This was another photo op day. It took me to another time and my mind was spinning with the possibilities, probabilities, and the wonder of unknown lives.
There is an old, abandoned house in an isolated area that will soon be used by the local fire department boys for a practice burn. It makes more sense than just pulling it down. Some small trees were cut down, to avoid what they call candling, and starting fires where they are not wanted.
There was also a massive cottonwood tree on the south side. My job was to take pictures of the guys cutting up this huge tree. As soon as I drove down the little lane, my brain went wild at the wonder of it.
This place doesn't belong to now, kind of like me. Nothing would suit but for the pictures to be treated with Vintage and Old West actions from Pioneer Woman, Ree Drummond.
Who lived here? Who built it? Who added each of the rooms, one at a time, as they seemed to be? Was it generations of the same family? What did they do on warm summer days and on cold winter nights? Did some couple raise their children here, see them grow and move away, and grow old together looking out of these windows? The place spoke volumes to me.

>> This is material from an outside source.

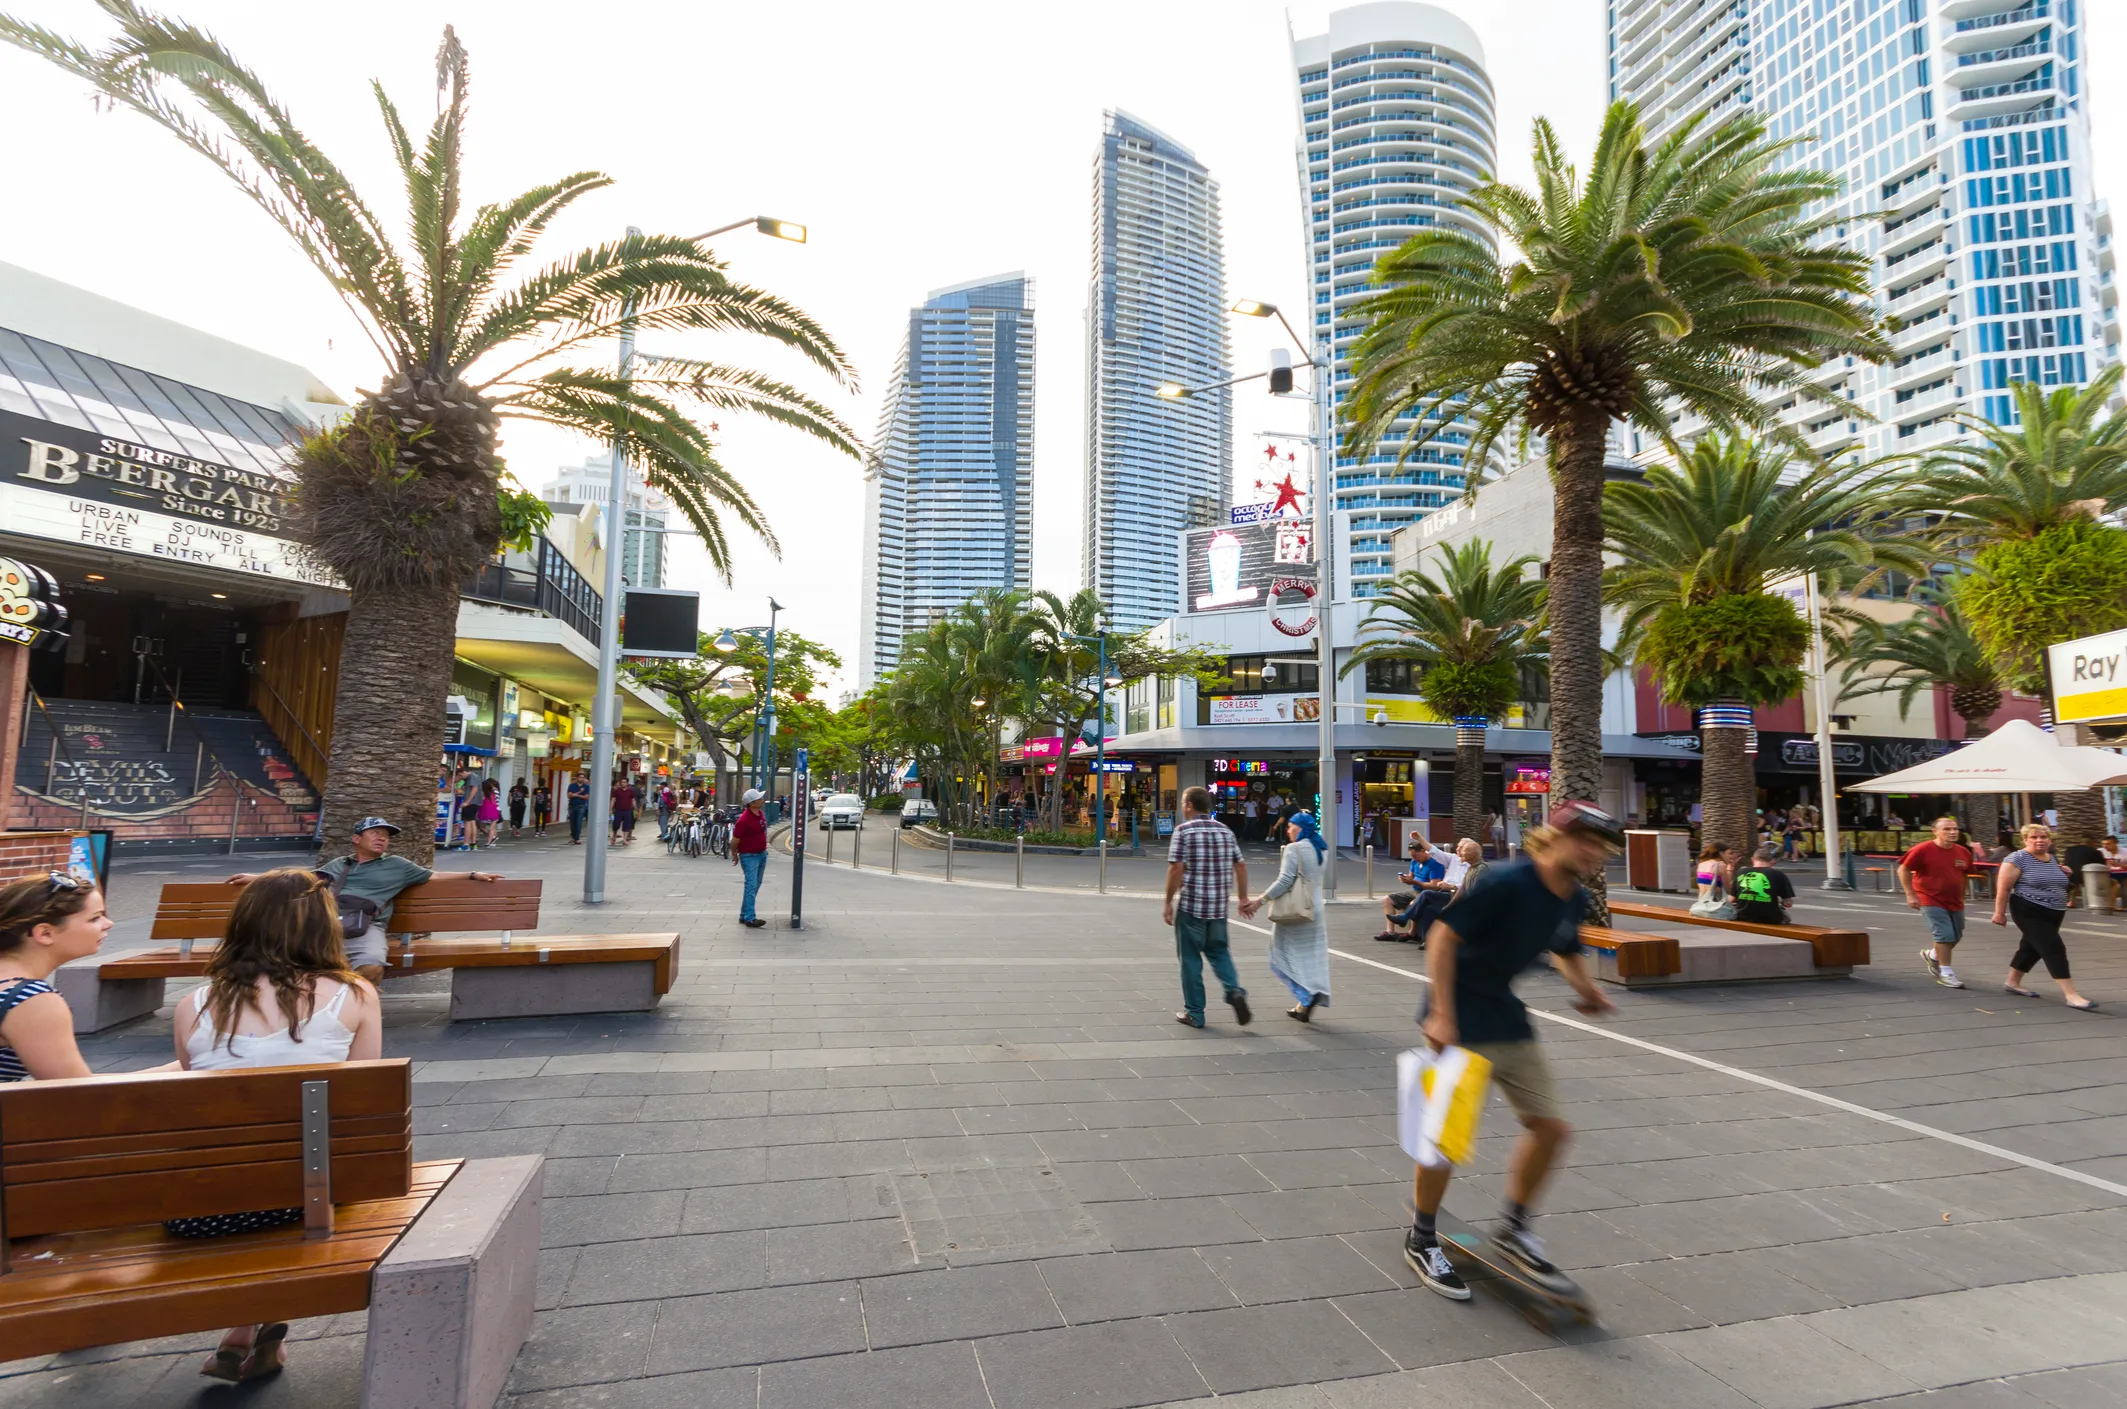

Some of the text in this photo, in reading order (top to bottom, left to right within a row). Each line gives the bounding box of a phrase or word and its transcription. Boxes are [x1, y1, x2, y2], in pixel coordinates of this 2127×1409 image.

This seems to be the back of the house. The large-ish looking room jutting out on the right looks kind of like a family room. The room that was probably the front room is in the center of the house. Under the sagging porch roof going in the back door is a tiny kitchen. I went inside, so I know.
The floors are all linoleum tile. Some places the wood is showing through, but not intentionally. It isn't a strictly empty house. Whoever left it didn't want the very large drawer full of 60s and 70s ladies' magazines. The fruit jars, spare linoleum squares, and boxes of nuts and bolts and odds and ends didn't make it to the next home either.

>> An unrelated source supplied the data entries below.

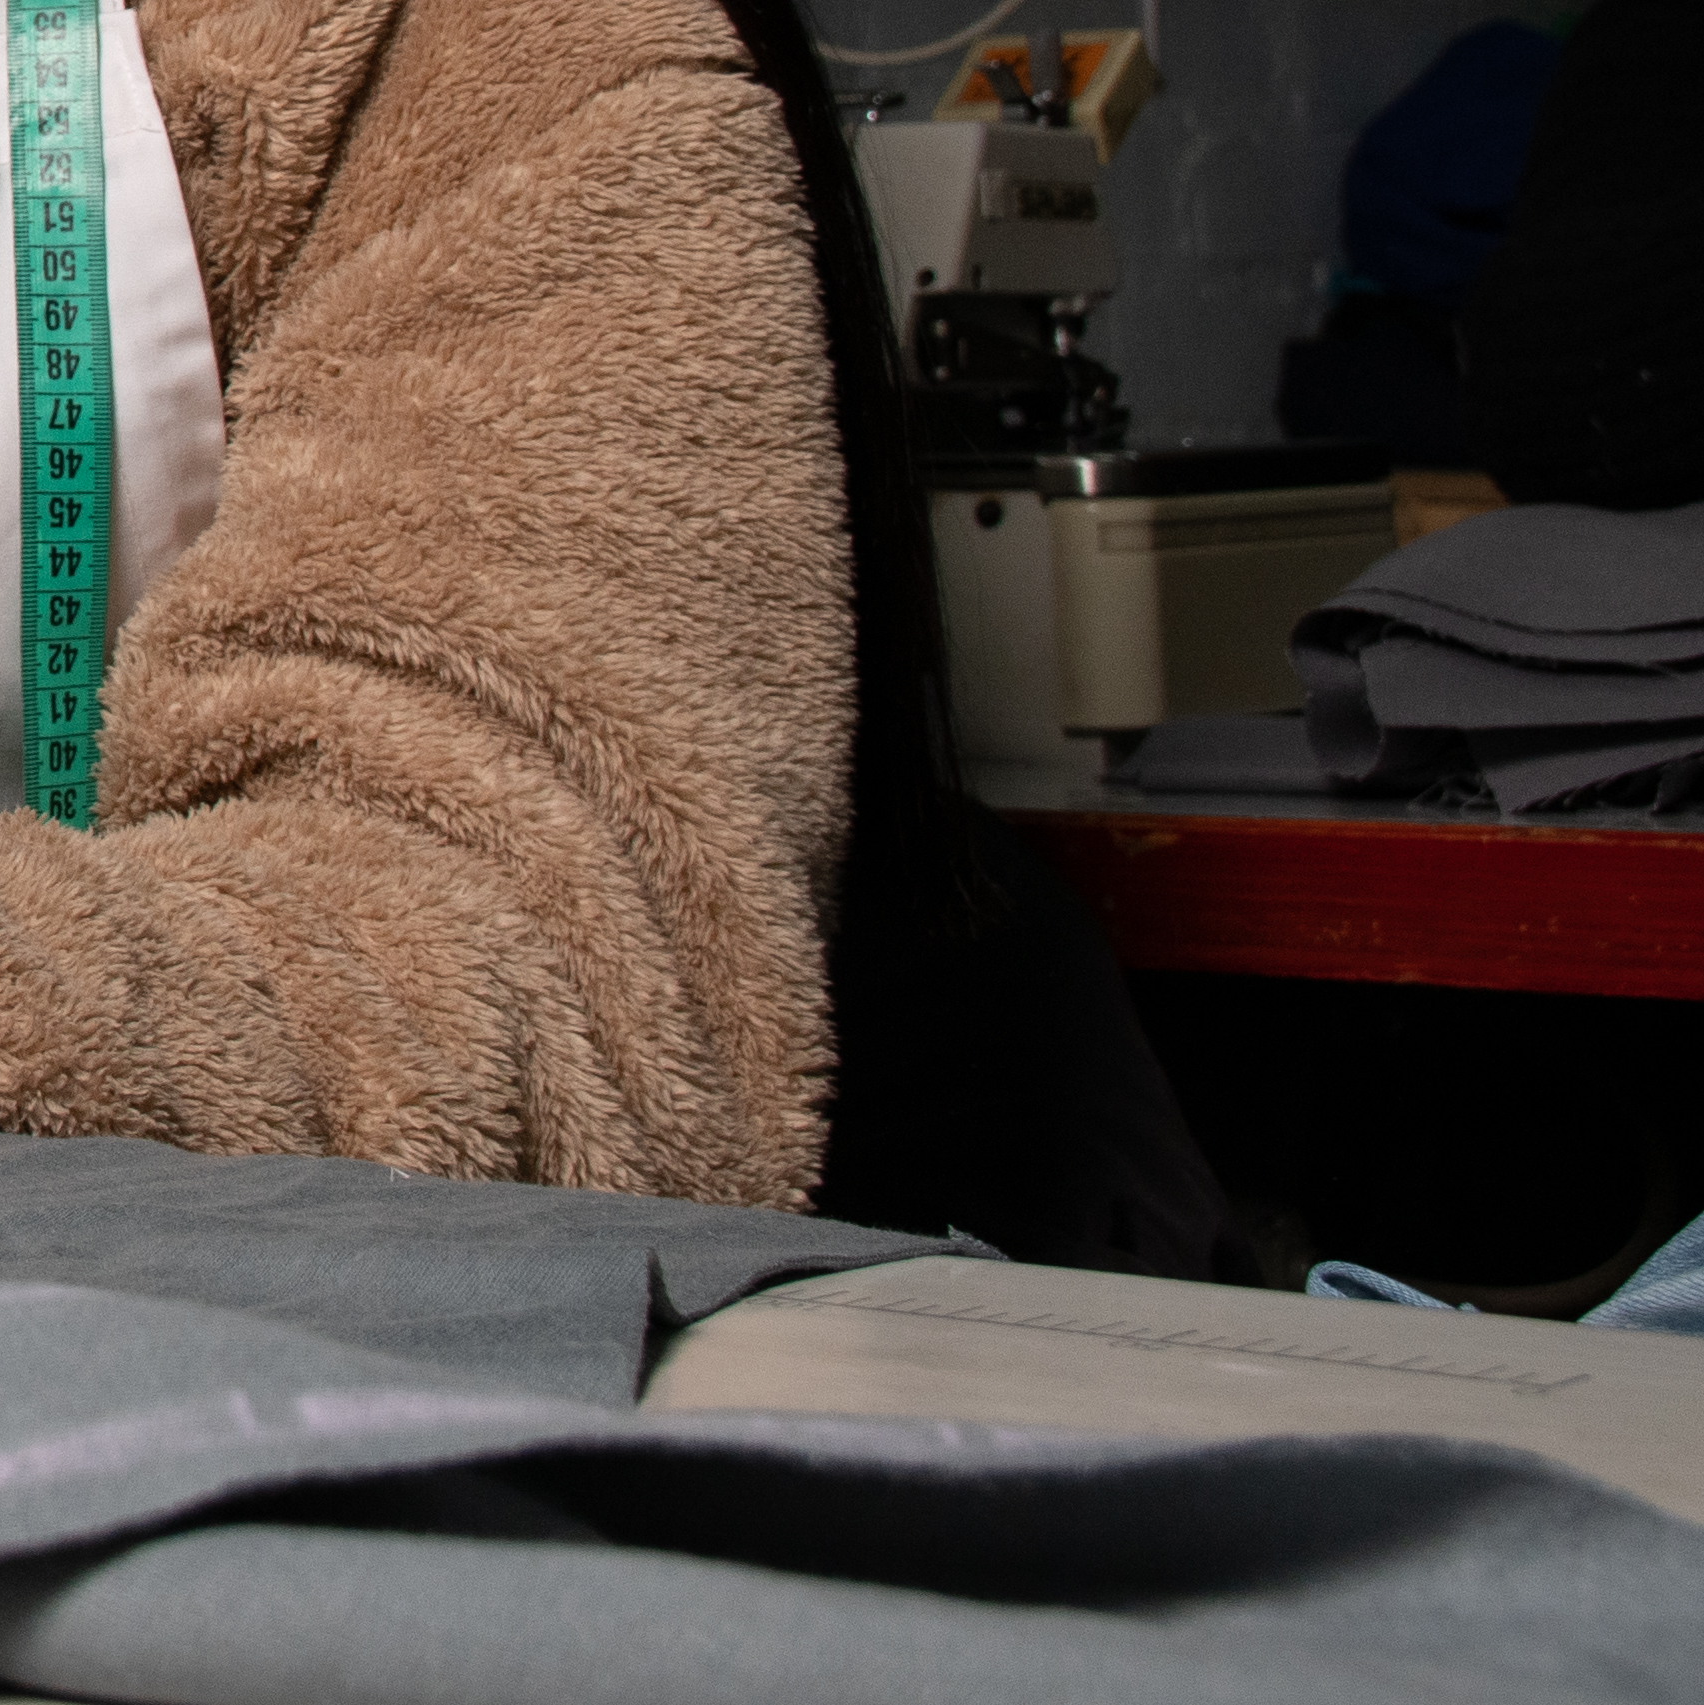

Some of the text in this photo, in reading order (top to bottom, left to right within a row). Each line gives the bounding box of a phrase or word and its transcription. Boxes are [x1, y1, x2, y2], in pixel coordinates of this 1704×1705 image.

[43, 201, 74, 233] 51
[42, 249, 76, 282] 50
[44, 299, 78, 331] 49
[46, 348, 81, 380] 48
[48, 397, 82, 430] 47
[49, 447, 83, 480] 46
[48, 496, 82, 529] 45
[49, 546, 82, 578] 44
[49, 595, 81, 627] 43
[48, 643, 79, 675] 42
[49, 691, 78, 724] 41
[49, 741, 78, 773] 40
[49, 788, 77, 820] 39

It has a homemade mirror on the front room wall that is right out of 1970. It is a piece of cheap, dark, wood paneling with mottled mirror tiles mounted on it. Godfrey, it's ugly. I remember whole walls done like that.
I saw an old kitchen table with more jars and a couple of the old fashioned beer glasses that looked like 10 pound goblets. There was also a box of India ink bottles, expensive pencil leads, a broken antique inkwell, and a box of the tiniest pen nibs I have ever seen. Yes, I brought them home.
Someone looked at this sight after a day's work, and had the feeling of coming home. On cold nights, he stopped off on the right side of the porch at the coal bin and filled a coal scuttle to take in for the night. There is still coal in the bin.
The paint is peeling, the shingles are almost gone, the windows are rotting out of their frames. Inside isn't much better. Walls are peeling, floors are coming up. Cupboard doors are askew, as are the doors.
One tiny room that must be, or must have been, a bedroom is full of poop. Honest injun. Poop. The guys said it is dog poop, but I didn't care to check that close myself. It was just off another room that had a child's crayon drawing nailed up on the wall.
Somebody lived here and called this place home. I would guess that it was someone's home for many, many years. These walls have heard laughter and seen tears, and more recently, maybe something else. There were also empty wine jugs and an empty oxycodone bottle.
They may have cooked and heated with coal at some time, but the house had electric. Plugs were put in after the fact, as you can tell by the way they are placed on window sills and other similar places. You can also tell by the old electric washing machine that wasn't good enough to take along any more. Although the pictures call out for black and white, the drum on this rusted out little honey is my mother's favorite turquoise blue.
I expect this was the front of the house. This is where front-door company came. I think that at one time, this was a pretty little house. Maybe pretty enough for a young housewife to clean and love and take pride in, and for her husband to care for, protect, and expand over time. Just like everything else in this world, it grows old and decrepit and goes away. . .
. . . like the old cottonwood. Click on the picture and you will see a man in a hardhat on the left behind the foliage. The trunk was five feet across, and one of the limbs was big enough and hollow enough to stick a small person inside, if such was your desire. It too was old and getting decrepit. If you look at the area on the satellite map, you would see that the tree is so big that you cannot even see there is a house under it. It would have stood much longer too, if things had been different.
I got my pictures of the guys chopping up a big tree today.